| ACTION ITEM |
Starting at the line that contains "Some of the text", copy each line through the end of the listing below. Include both ends and output nothing more.

| PROVIDED INFORMATION |
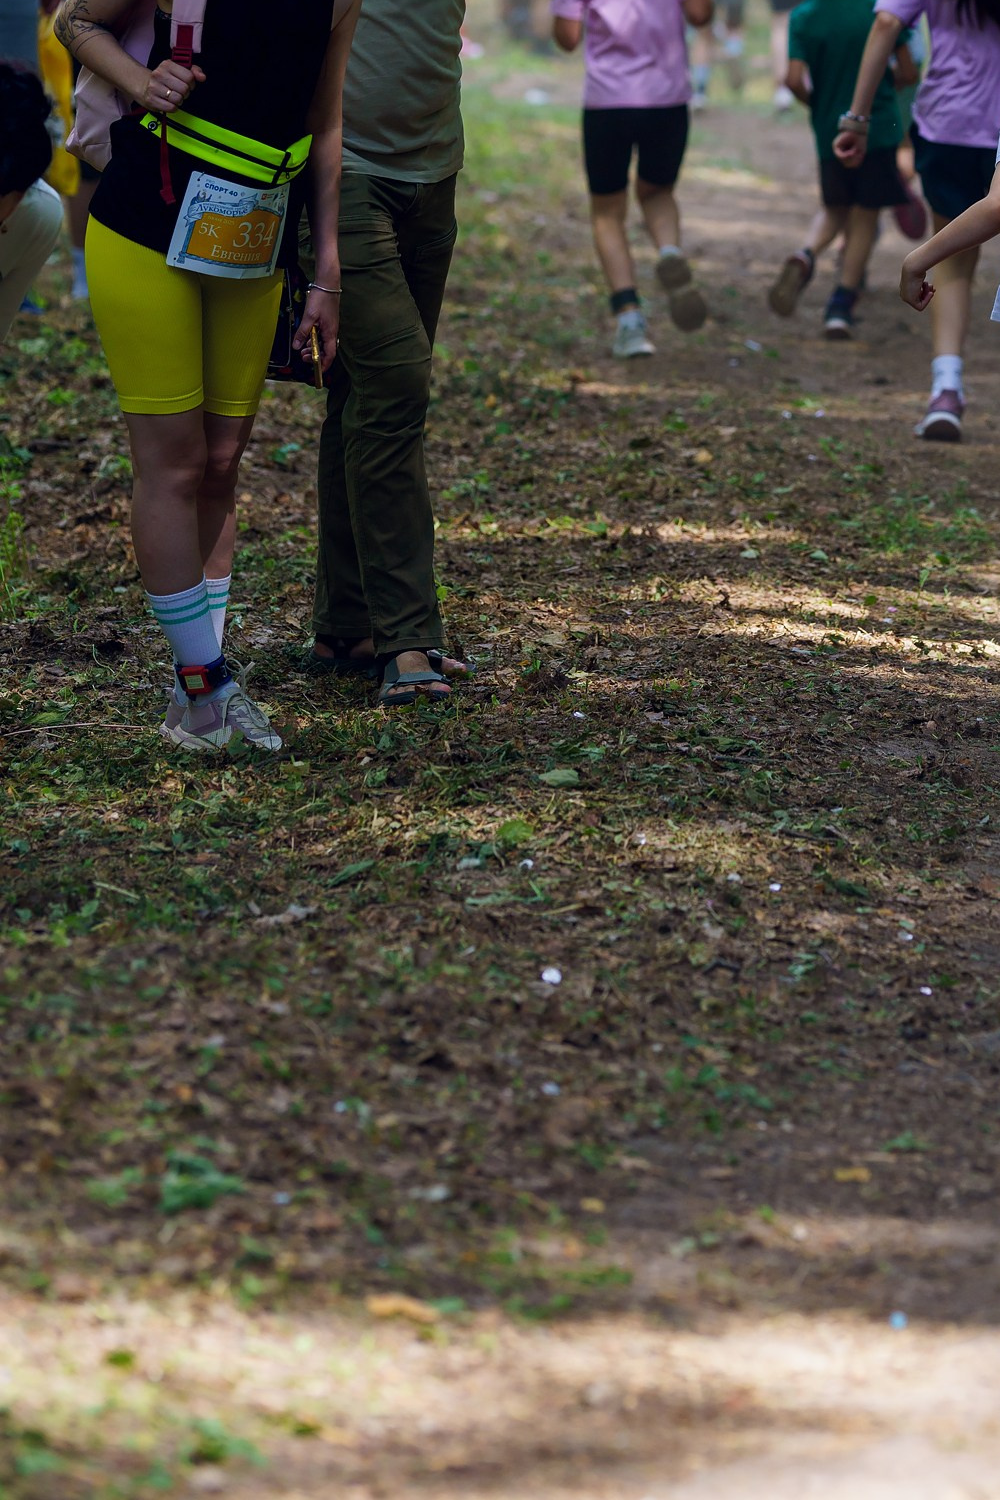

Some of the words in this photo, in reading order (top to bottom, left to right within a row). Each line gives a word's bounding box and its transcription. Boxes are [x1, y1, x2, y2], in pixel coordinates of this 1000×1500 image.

[204, 183, 228, 194] СПОРТ
[196, 204, 248, 217] Лукоморье
[233, 221, 275, 248] 334
[211, 244, 262, 262] Евгения
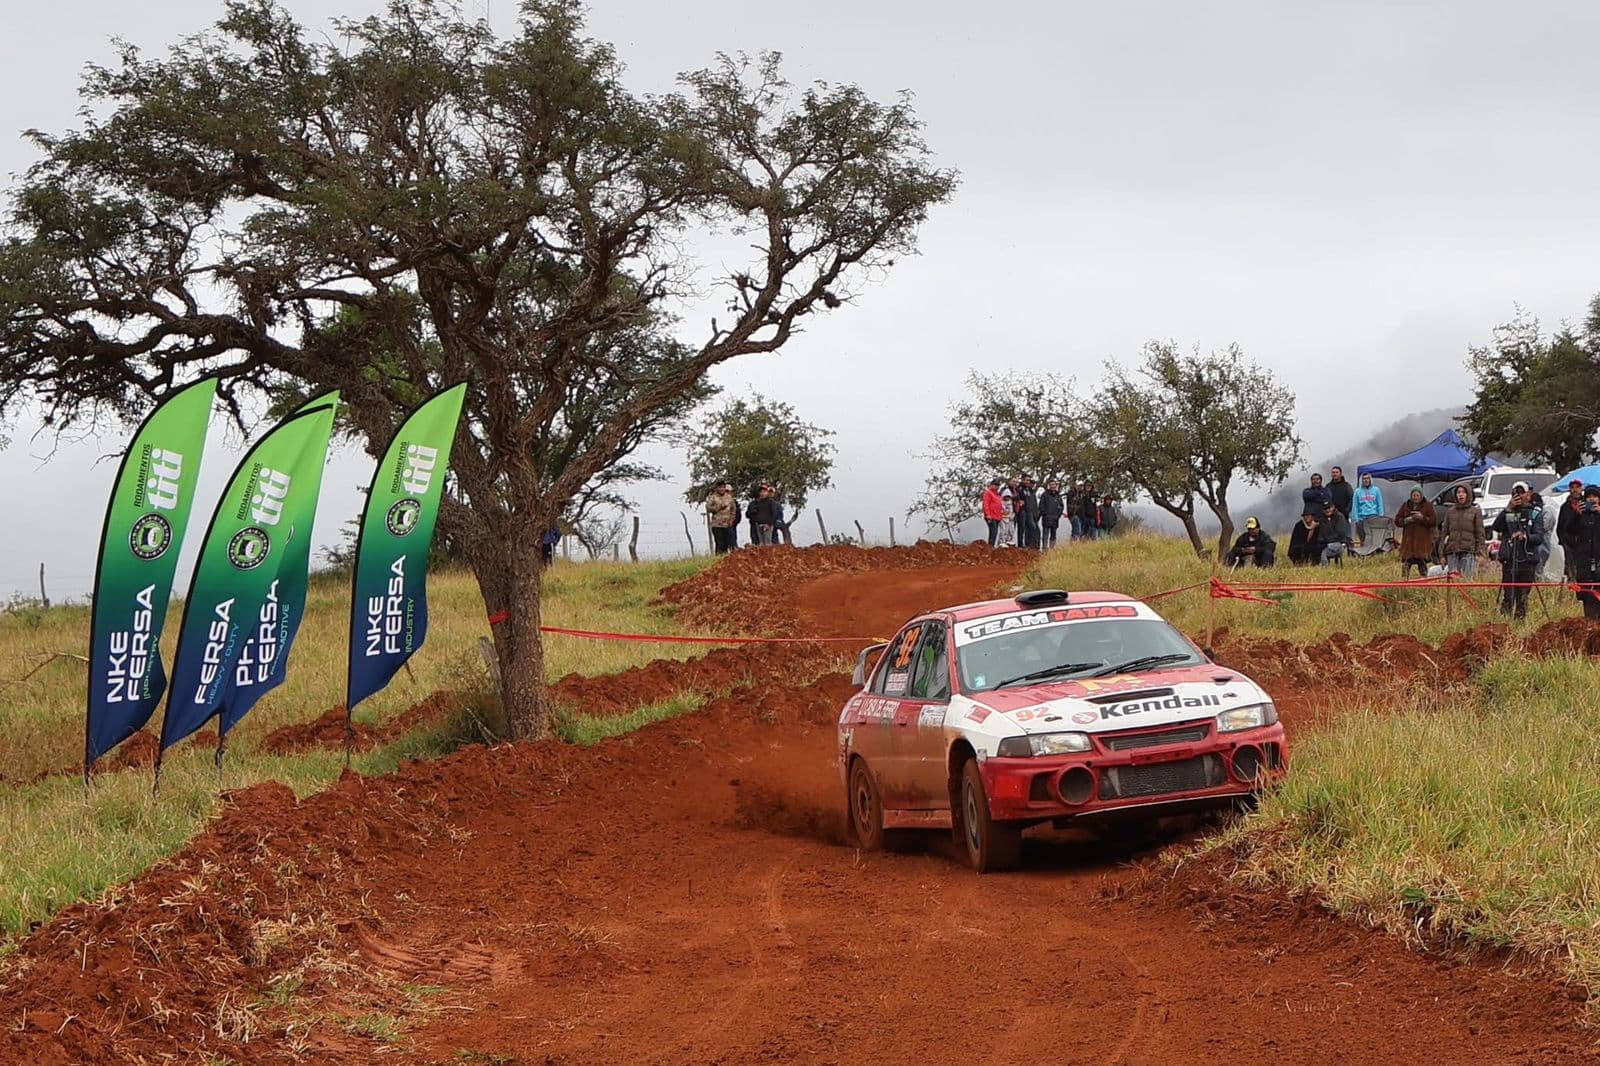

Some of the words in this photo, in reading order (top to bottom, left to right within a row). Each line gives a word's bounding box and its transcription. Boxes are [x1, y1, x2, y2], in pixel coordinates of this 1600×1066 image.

[134, 443, 150, 508] RODAMIENTOS
[236, 462, 260, 520] RODAMIENTOS
[391, 441, 407, 494] RODAMIENTOS
[258, 579, 280, 683] FERSA
[366, 596, 384, 657] NKE
[385, 555, 406, 654] FERSA
[405, 598, 416, 653] INDUSTRY
[964, 612, 1049, 639] TEAM
[1051, 606, 1138, 622] TATAS
[107, 631, 128, 703] NKE
[127, 584, 156, 701] FERSA
[194, 598, 235, 704] FERSA
[225, 623, 240, 657] DUTY
[1015, 706, 1051, 721] 92
[1100, 695, 1221, 720] Kendall
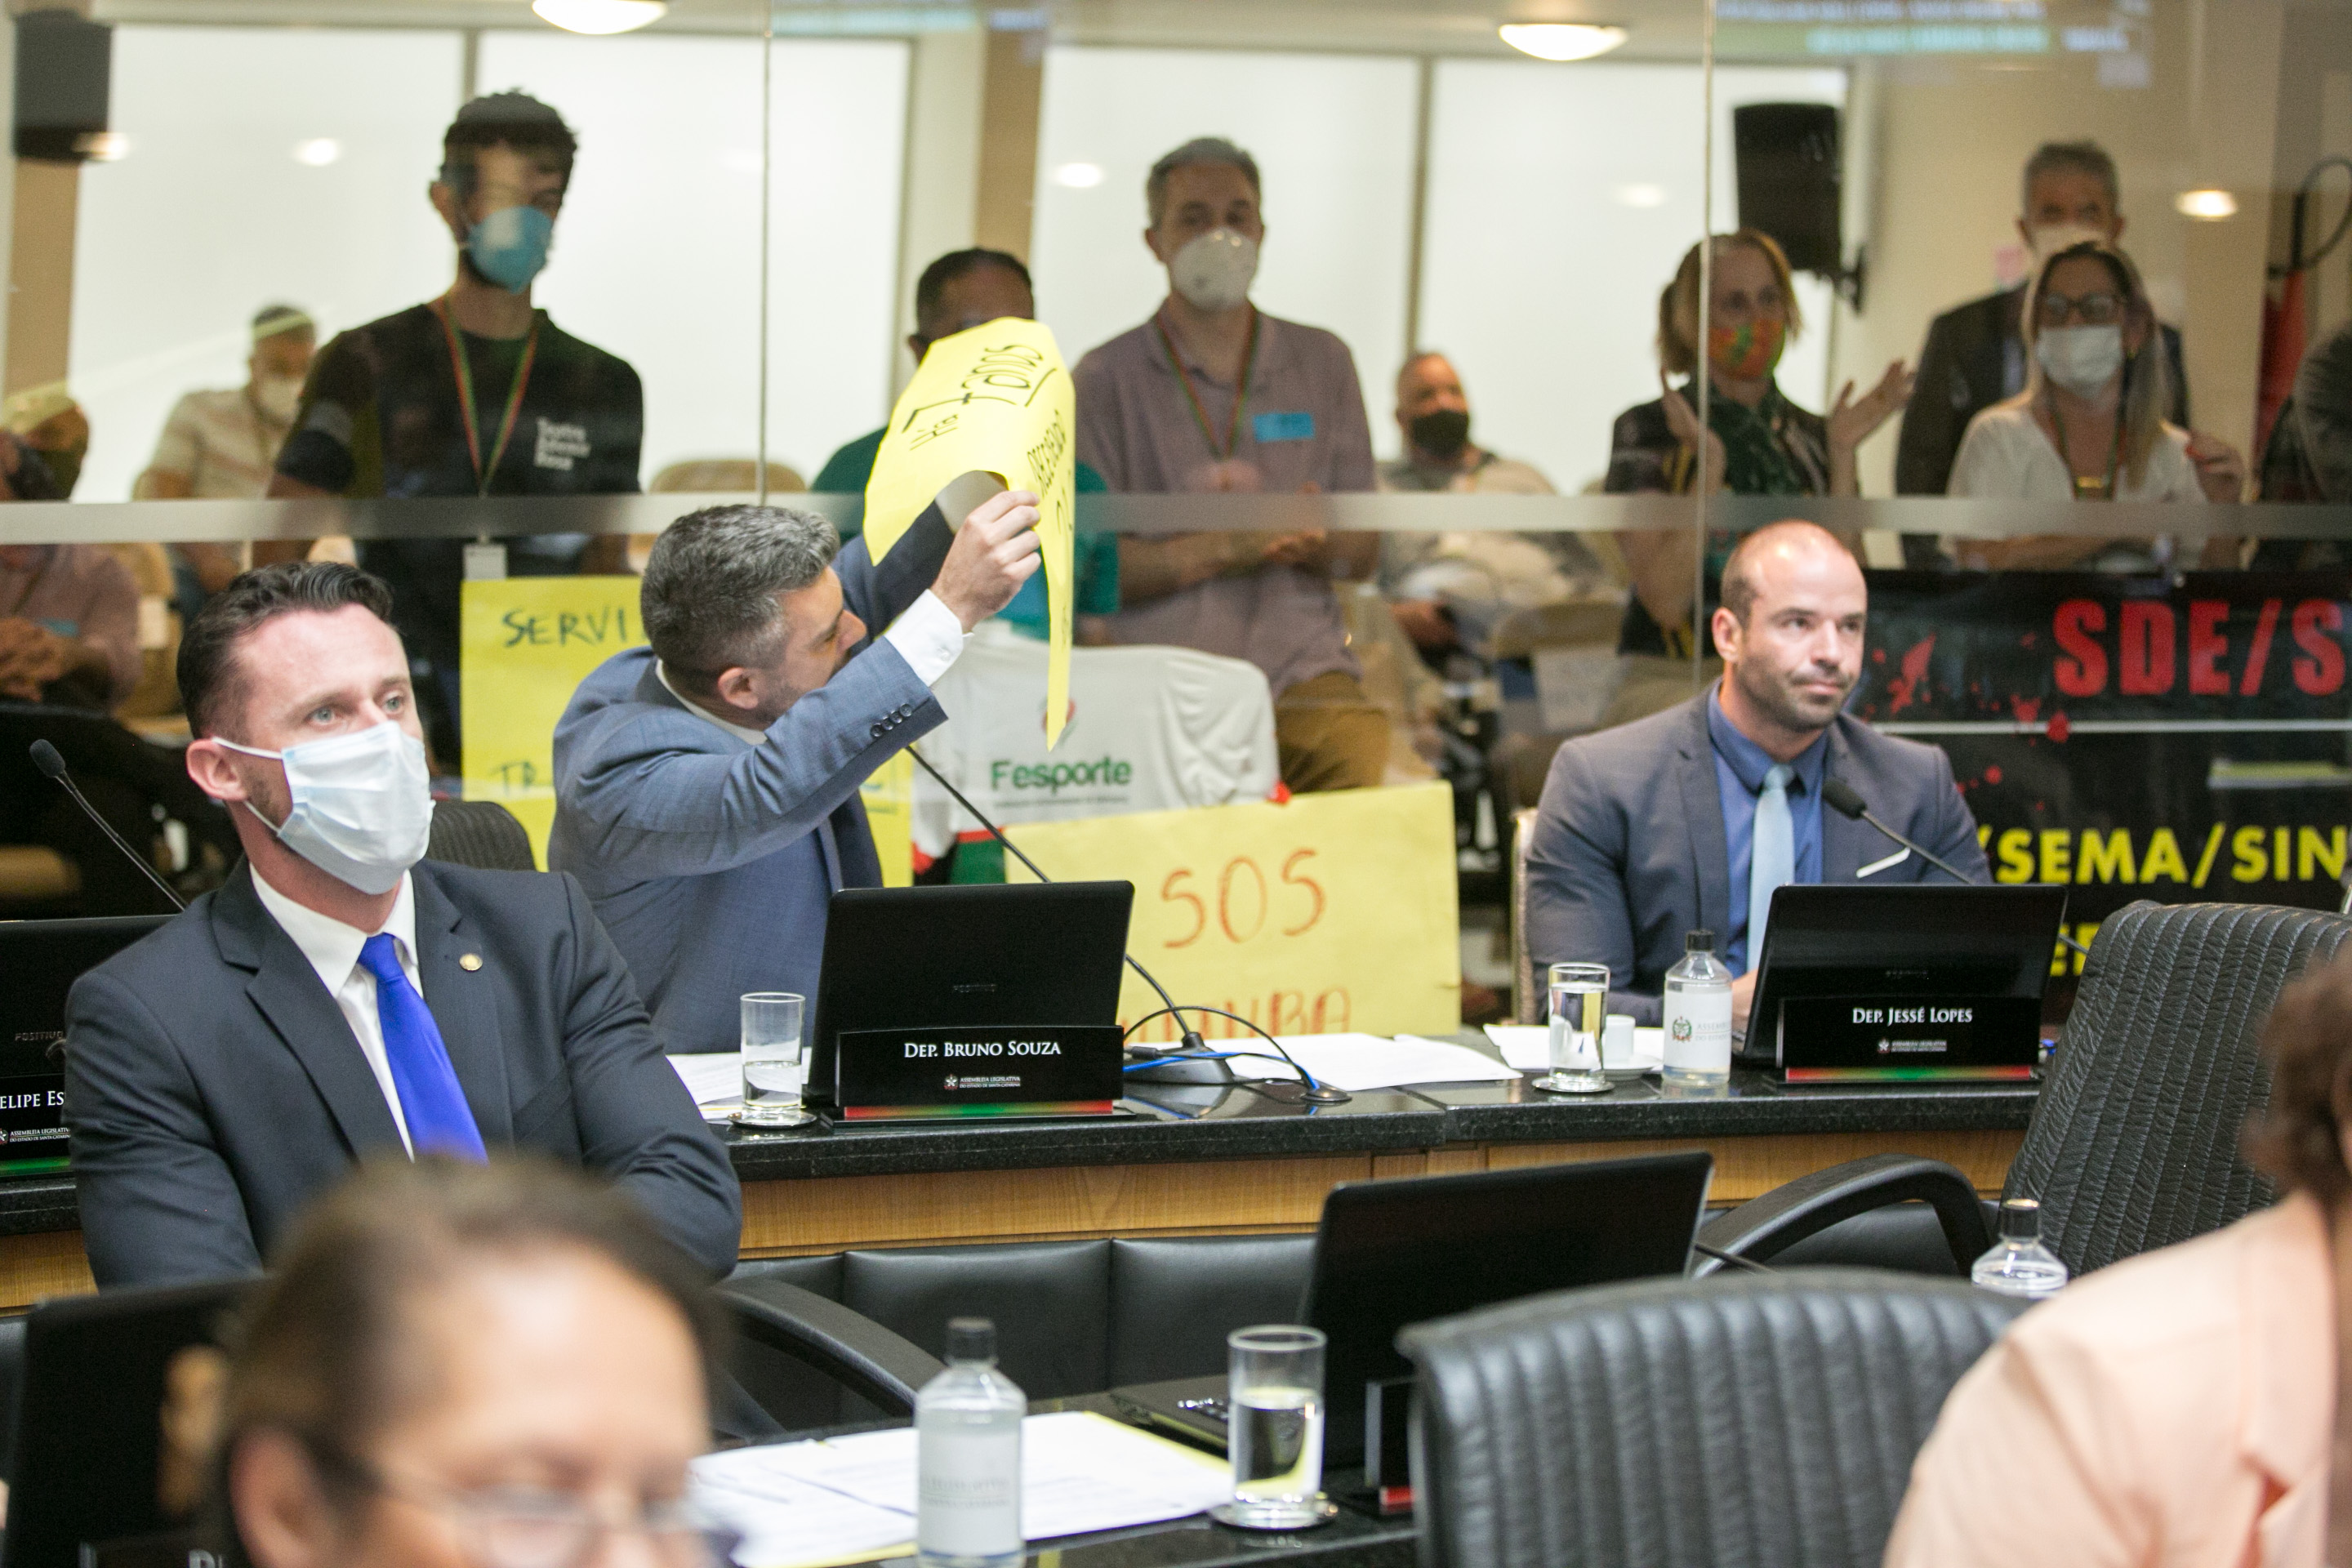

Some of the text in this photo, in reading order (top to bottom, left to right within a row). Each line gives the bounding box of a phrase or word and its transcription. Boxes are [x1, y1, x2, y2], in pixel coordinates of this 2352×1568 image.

[502, 604, 649, 646] SERVI
[2052, 598, 2346, 697] SDE/S
[990, 756, 1133, 796] Fesporte
[1159, 846, 1327, 950] SOS
[1887, 1005, 1925, 1027] JESSÉ
[1930, 1006, 1973, 1023] LOPES
[943, 1041, 1003, 1057] BRUNO
[1007, 1040, 1062, 1056] SOUZA
[47, 1090, 65, 1106] ES

| RESULT FOR THIS EXERCISE |
Some of the text in this photo, in reading order (top to bottom, left to right within a row). Each line gives the bounding box of a phrase or word and its transcription. Boxes are [x1, y1, x2, y2], in pixel coordinates of this 2352×1568 image.

[502, 604, 649, 646] SERVI
[2052, 598, 2346, 697] SDE/S
[990, 756, 1133, 796] Fesporte
[1159, 846, 1327, 950] SOS
[1887, 1005, 1925, 1027] JESSÉ
[1930, 1006, 1973, 1023] LOPES
[943, 1041, 1003, 1057] BRUNO
[1007, 1040, 1062, 1056] SOUZA
[47, 1090, 65, 1106] ES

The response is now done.